Task instructions
Every entry is to be copied exactly as written, and the pictures are to be skipped.

Source material

========

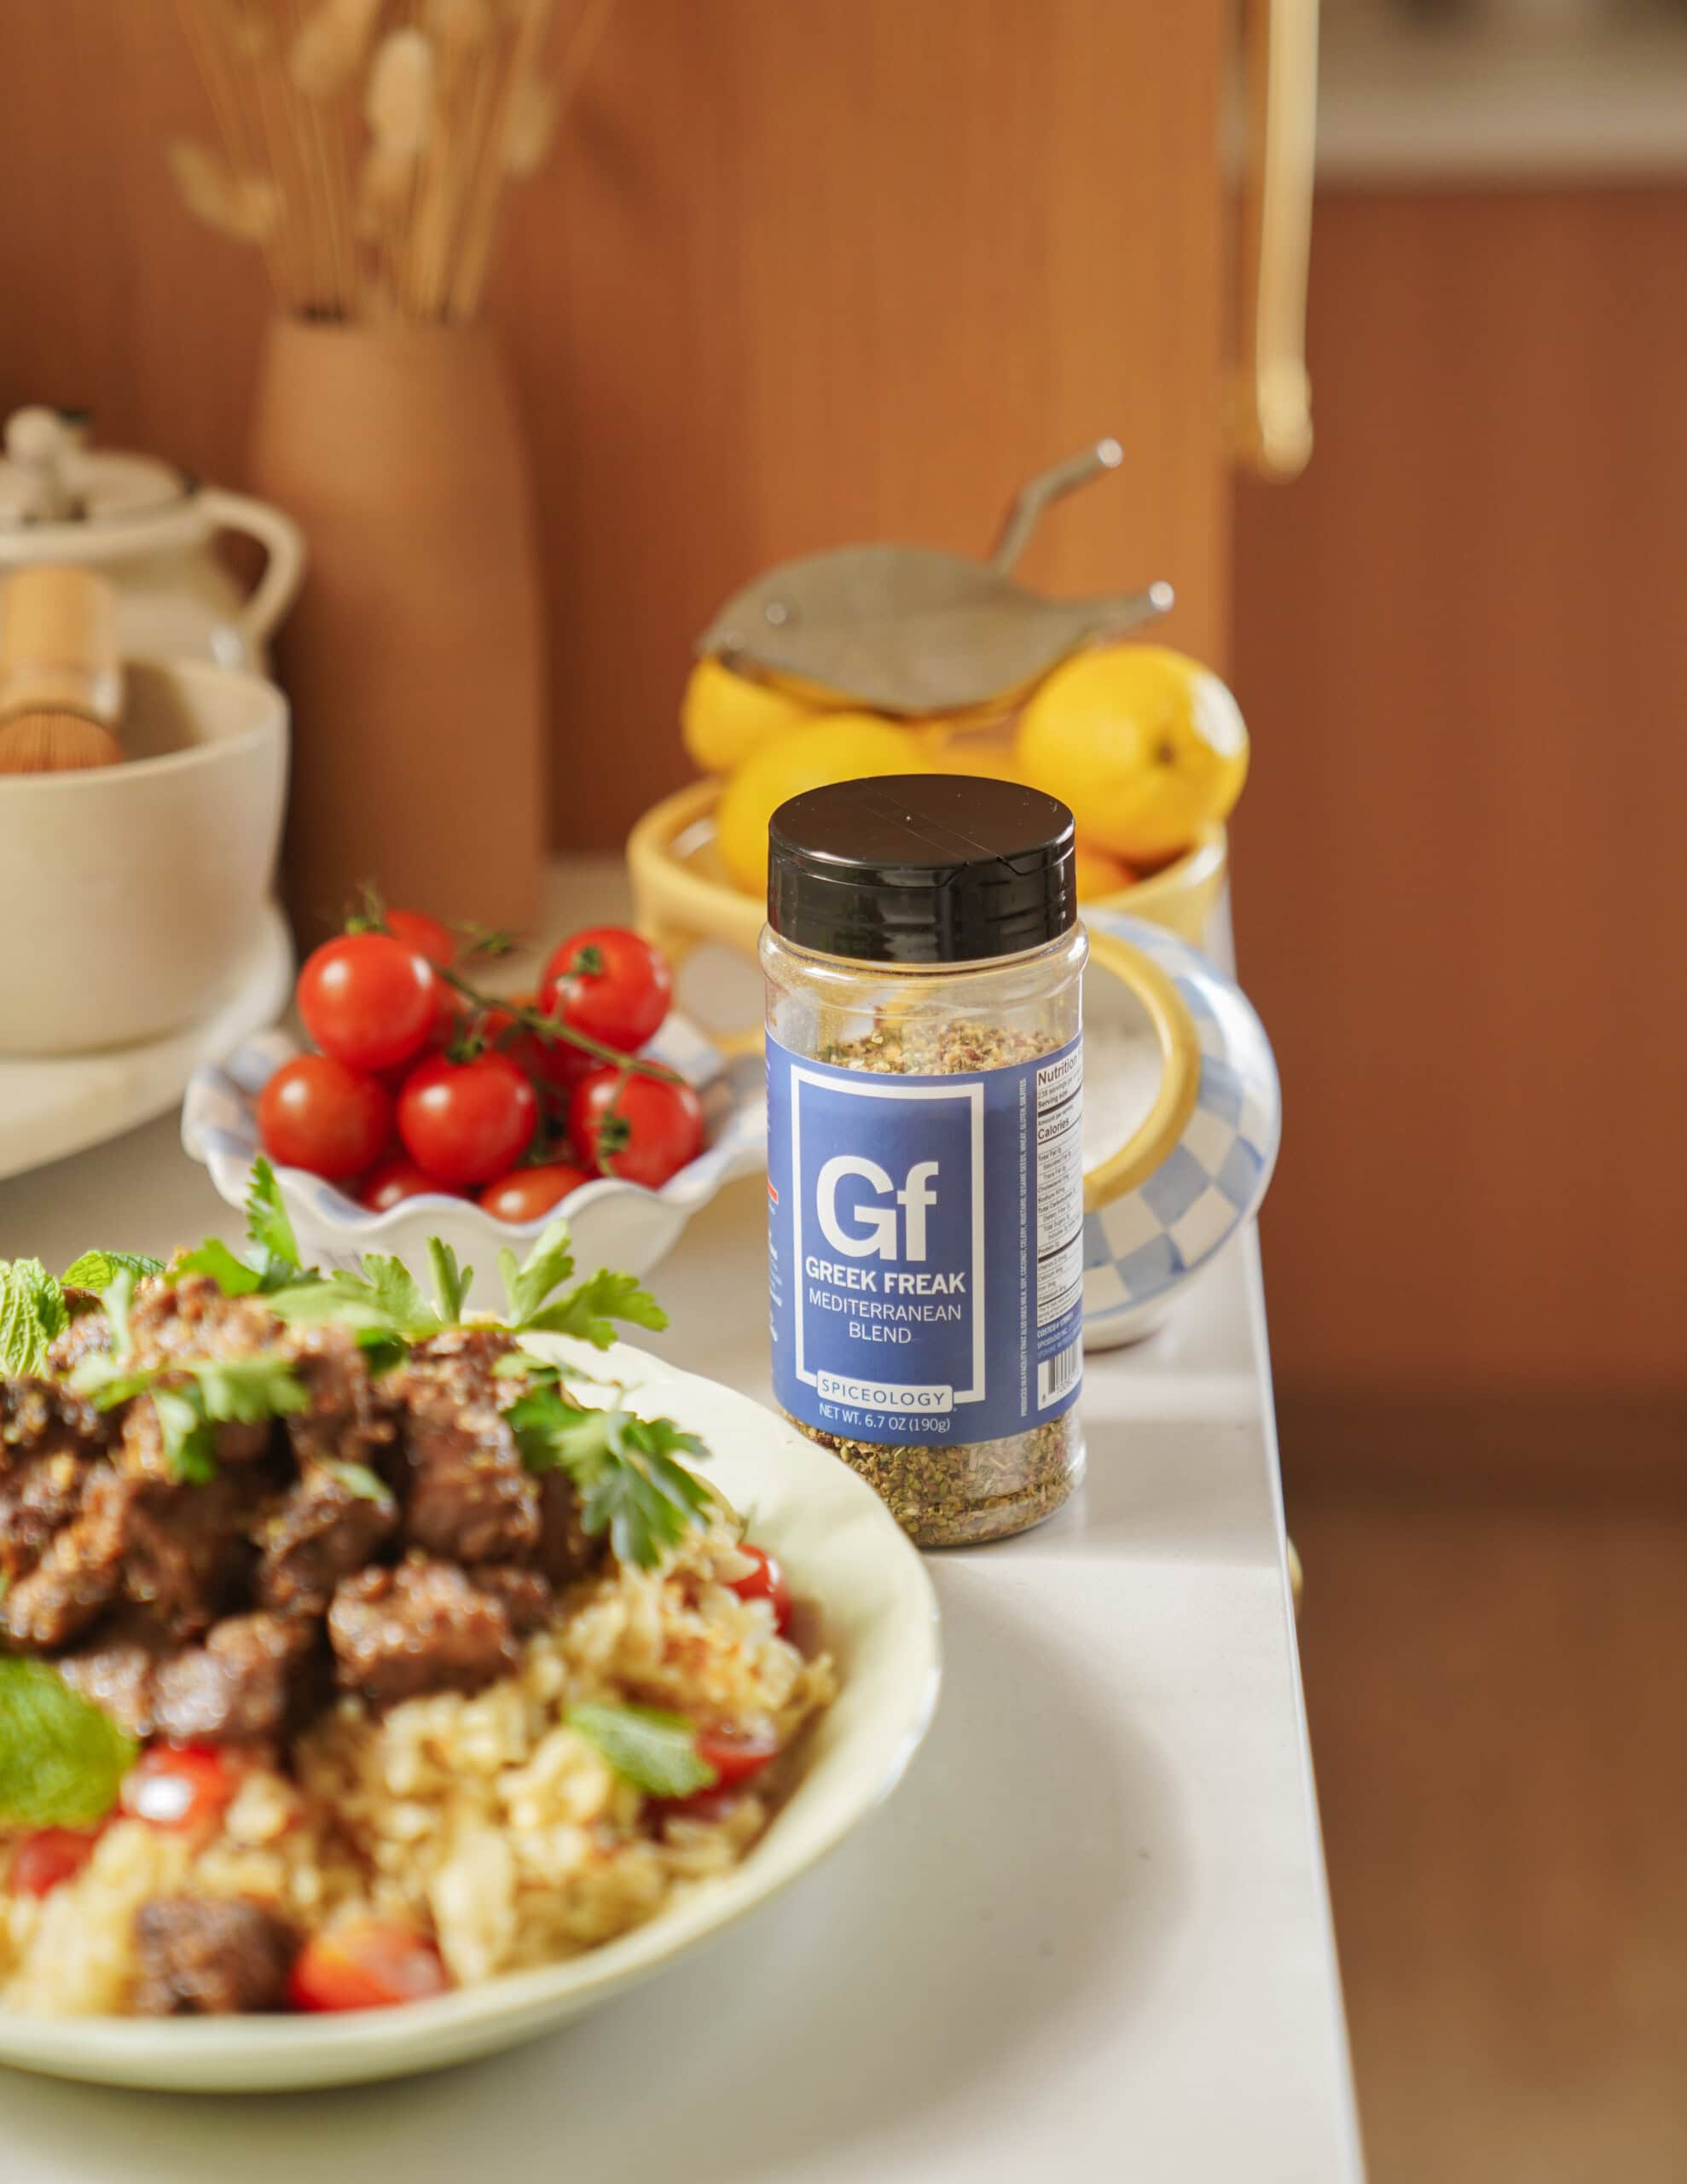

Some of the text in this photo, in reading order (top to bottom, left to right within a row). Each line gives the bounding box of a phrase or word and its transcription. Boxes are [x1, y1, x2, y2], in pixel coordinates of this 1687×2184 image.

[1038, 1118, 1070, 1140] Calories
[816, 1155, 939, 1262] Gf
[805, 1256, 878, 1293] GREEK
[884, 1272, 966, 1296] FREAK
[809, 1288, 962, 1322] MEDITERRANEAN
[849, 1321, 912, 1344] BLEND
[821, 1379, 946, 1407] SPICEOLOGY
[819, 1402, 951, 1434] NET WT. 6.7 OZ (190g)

========

Solution for this problem
Some of the text in this photo, in reading order (top to bottom, left to right within a row). Each line gives the bounding box of a phrase or word and its transcription. Boxes are [x1, y1, x2, y2], in pixel coordinates of this 1687×2184 image.

[1038, 1118, 1070, 1140] Calories
[816, 1155, 939, 1262] Gf
[805, 1256, 878, 1293] GREEK
[884, 1272, 966, 1296] FREAK
[809, 1288, 962, 1322] MEDITERRANEAN
[849, 1321, 912, 1344] BLEND
[821, 1379, 946, 1407] SPICEOLOGY
[819, 1402, 951, 1434] NET WT. 6.7 OZ (190g)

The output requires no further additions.